• **What you should do**:
Could you repeat every entry below word for word, leaving out the pictures?

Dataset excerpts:

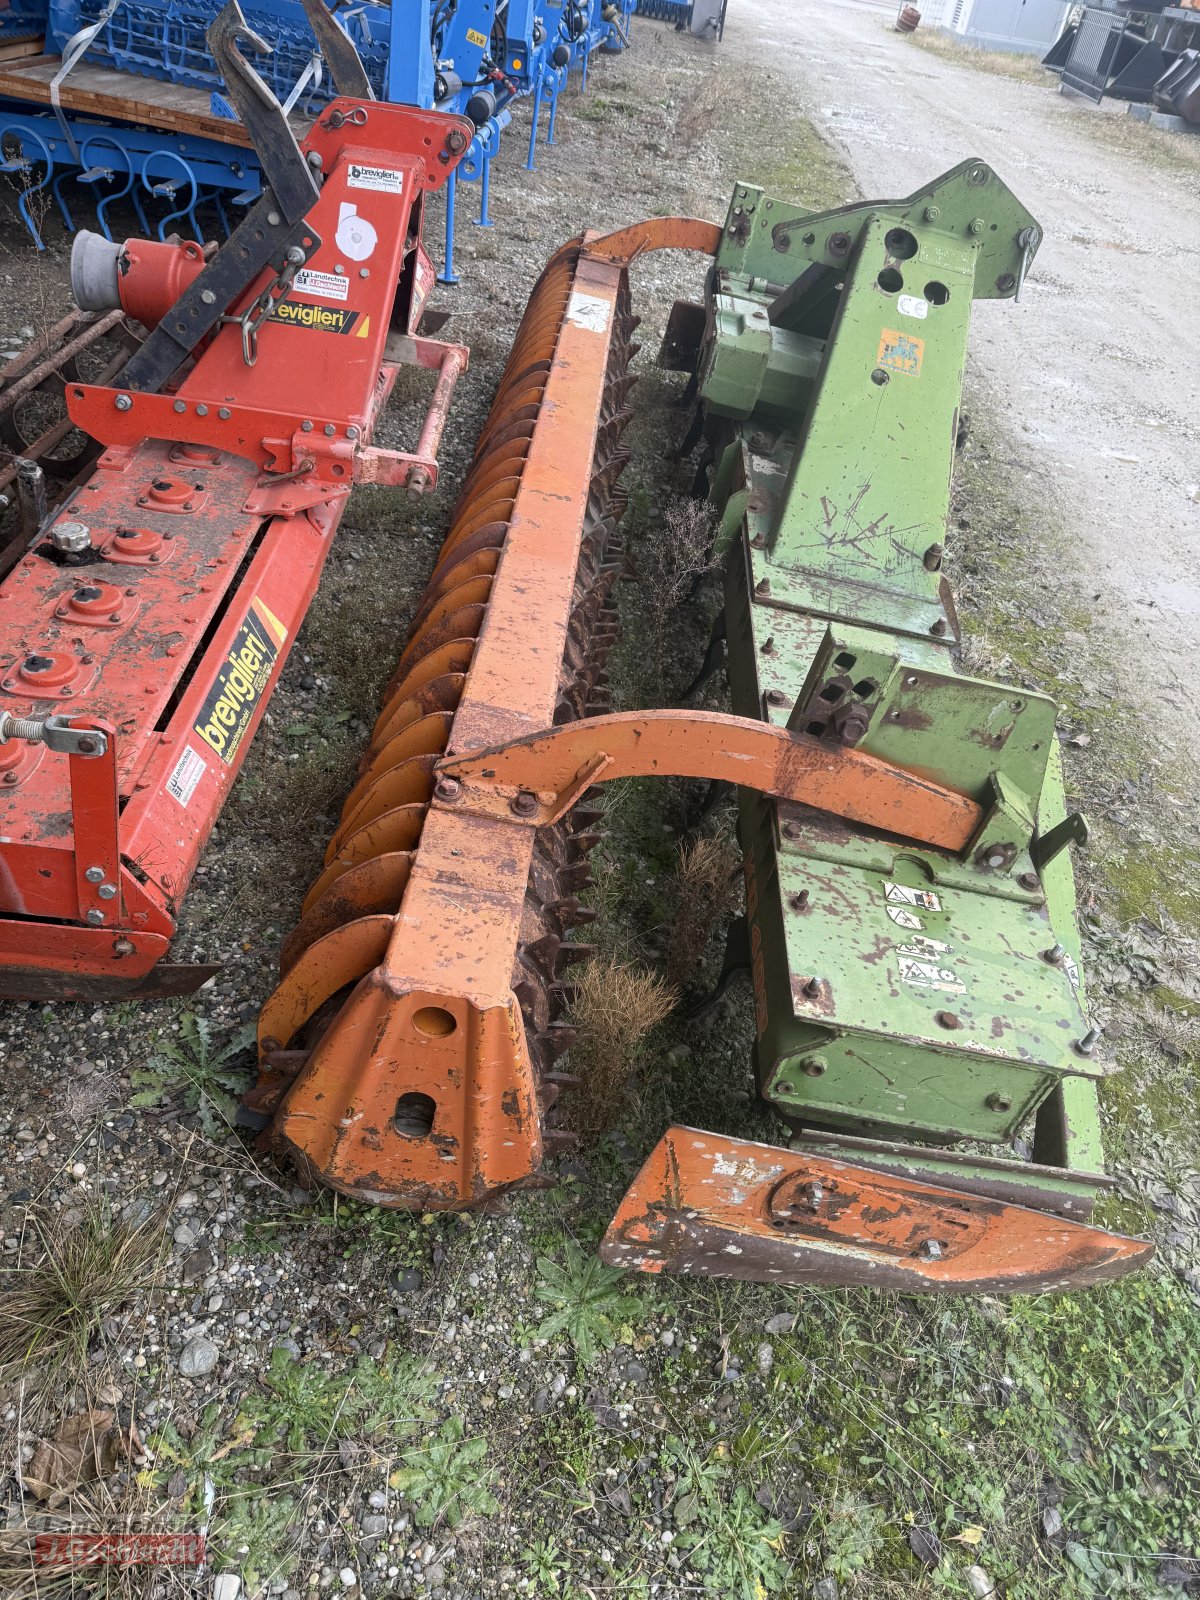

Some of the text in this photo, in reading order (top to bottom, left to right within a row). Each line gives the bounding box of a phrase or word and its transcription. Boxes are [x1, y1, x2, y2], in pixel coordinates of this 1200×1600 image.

[361, 167, 395, 180] breviglieri
[310, 272, 347, 284] Landtechnik
[260, 303, 344, 327] eviglieri
[195, 626, 266, 755] breviglieri
[175, 749, 192, 779] Landtechnik

• **Exercise response**:
Some of the text in this photo, in reading order (top to bottom, left to right within a row). Each line gives the bounding box of a phrase or word and its transcription. Boxes are [x1, y1, x2, y2], in pixel coordinates of this 1200×1600 image.

[361, 167, 395, 180] breviglieri
[310, 272, 347, 284] Landtechnik
[260, 303, 344, 327] eviglieri
[195, 626, 266, 755] breviglieri
[175, 749, 192, 779] Landtechnik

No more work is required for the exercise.